Pero es que al final, y teniendo en cuenta que la reglamentación en materia de valoración del suelo aplicable a las administraciones emana del Estado, lo que se ha dado es una suerte de “suelta esa correa, que el perro no es tuyo” por parte de los representantes públicos que, por otro lado, tampoco proponen una alternativa de valoración en los casos de suelo urbanizable (aunque tampoco les corresponde proponerla, por supuesto), por lo que deja a la normativa “a medio vestir” y con una base más empírica que teórica.

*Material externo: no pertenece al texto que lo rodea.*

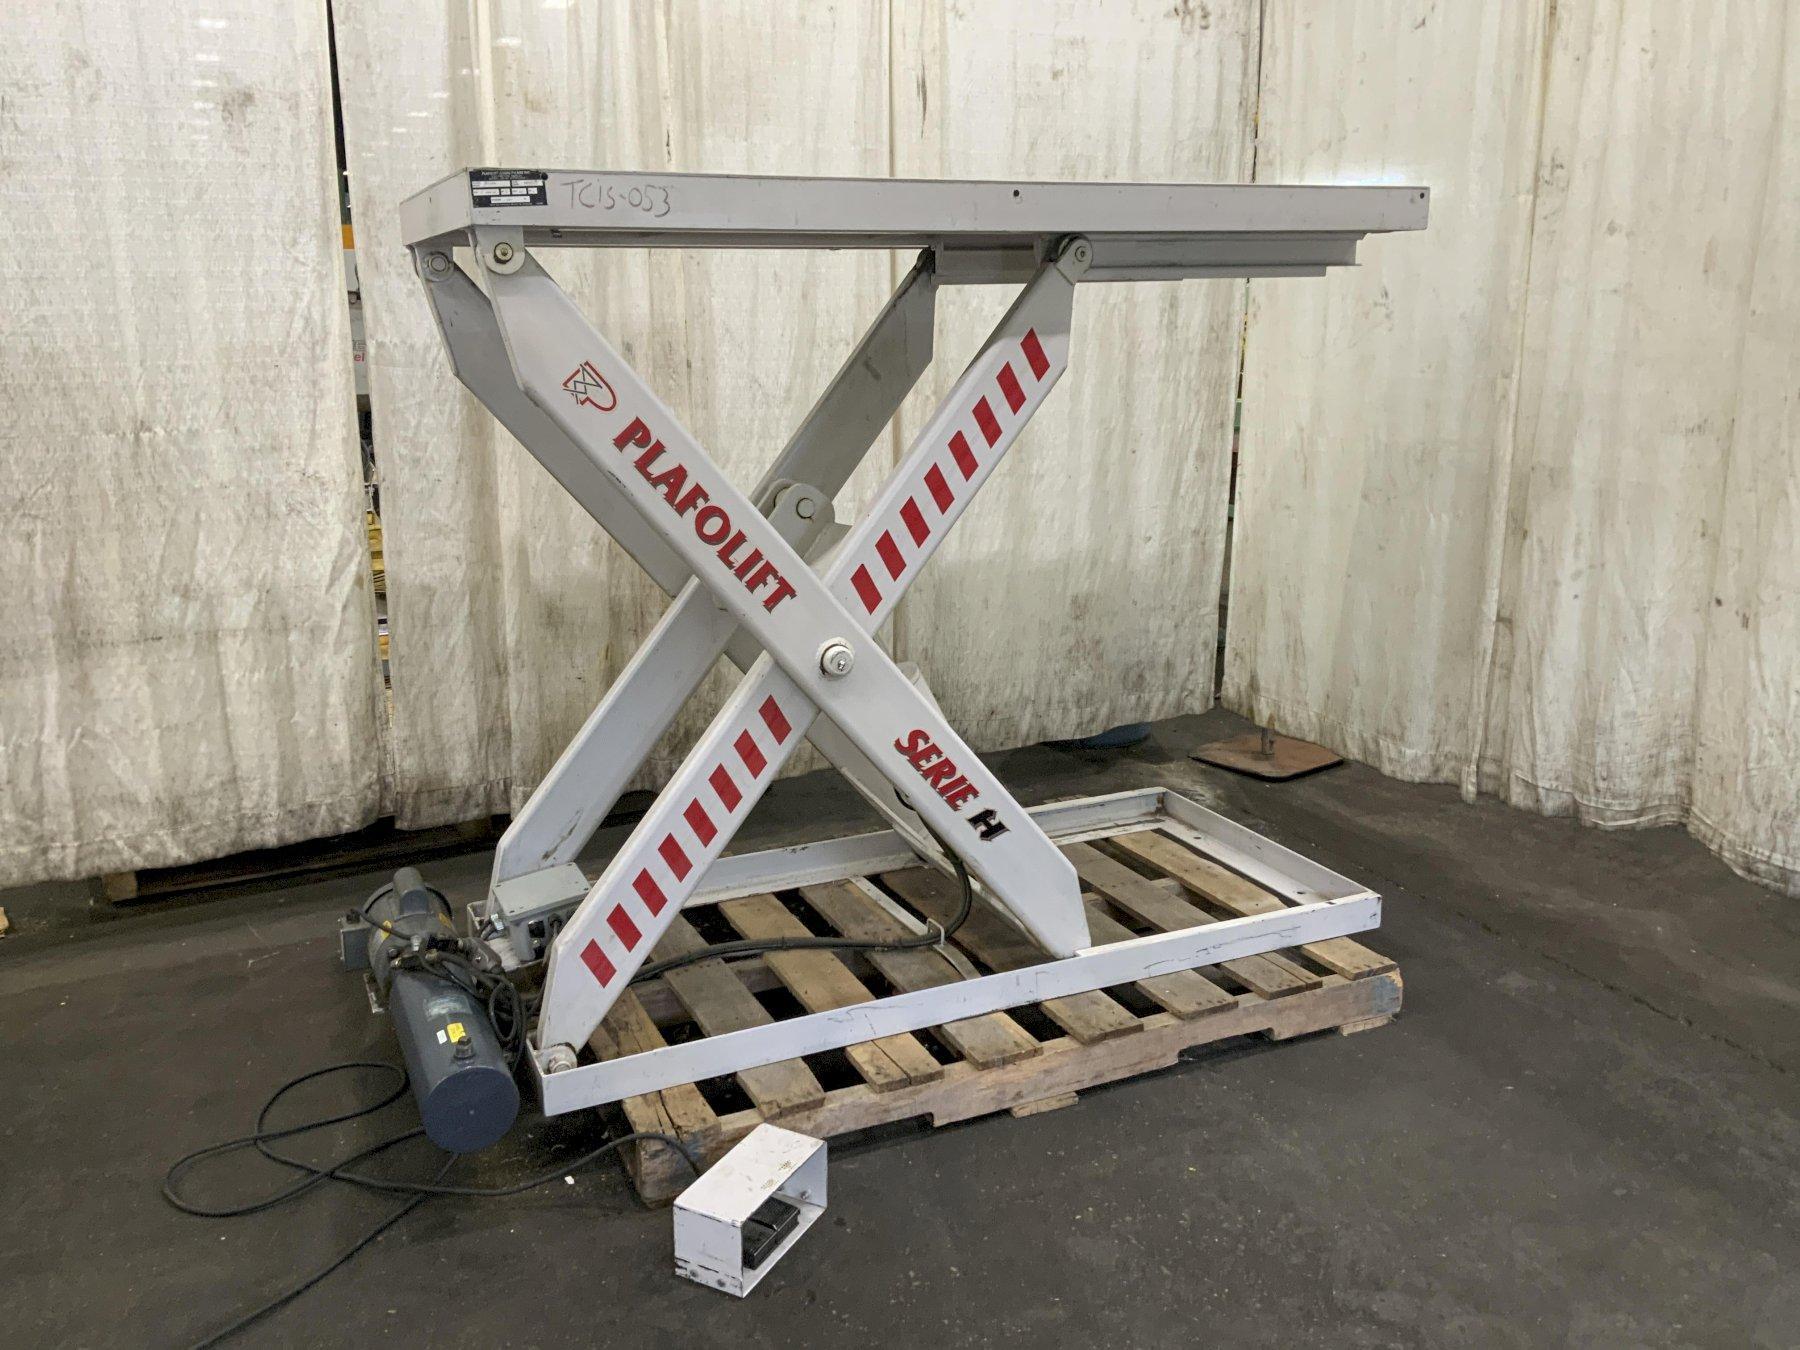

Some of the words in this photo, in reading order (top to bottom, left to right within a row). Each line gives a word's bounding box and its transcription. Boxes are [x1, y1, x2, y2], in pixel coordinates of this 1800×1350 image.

Y es que, si lo que se buscaba era acabar con el cortapisas y dar mayor libertad de corrección al técnico tasador, esto introduciría una subjetividad terrible y deformaría la formulación de valores hasta dejarla vacía de sentido: si se puede corregir hasta un máximo de cinco veces, por poner un ejemplo, una finca X podría variar su precio de los 1.000 € a los 5.000 €. Y en esos casos, poca razón de ser tendría la técnica y la normativa en valoración y tasación.

Se da, en definitiva, una situación de cierta inseguridad jurídica, en tanto en cuanto sólo se elimina el inciso “hasta un máximo del doble” sin prevenir con una via secundaria que permita corregir los casos de suelo urbanizable por lo que, a falta de nuevo articulado, ahora valen lo mismo las berenjenas que los futuros adosados. O peor todavía, la corrección del valor del suelo al alza por motivos subjetivos no tiene límite teórico.

Además, y por ser ley, era al reglamento que la desarrollase en ese ámbito al que le correspondía justificar y parametrizar esa revalorización tan subjetiva. Y así lo hace el Reglamento de valoraciones de la Ley del Suelo en su artículo 17 que, por ser los recursos de 2007 y el Reglamento de 2011, queda en una especie de limbo.

Pero espera un momento, llevo todo el post hablando de pequeños propietarios y promotores y en realidad quien recurre la constitucionalidad son algunos representantes públicos (puntos 15 y 33 de la Sentencia), que al final son quienes tendrán que indemnizar a los propietarios del suelo y a quienes menos les podría interesar la liberalización de su valor. Creo que no entiendo nada… ¿o sí?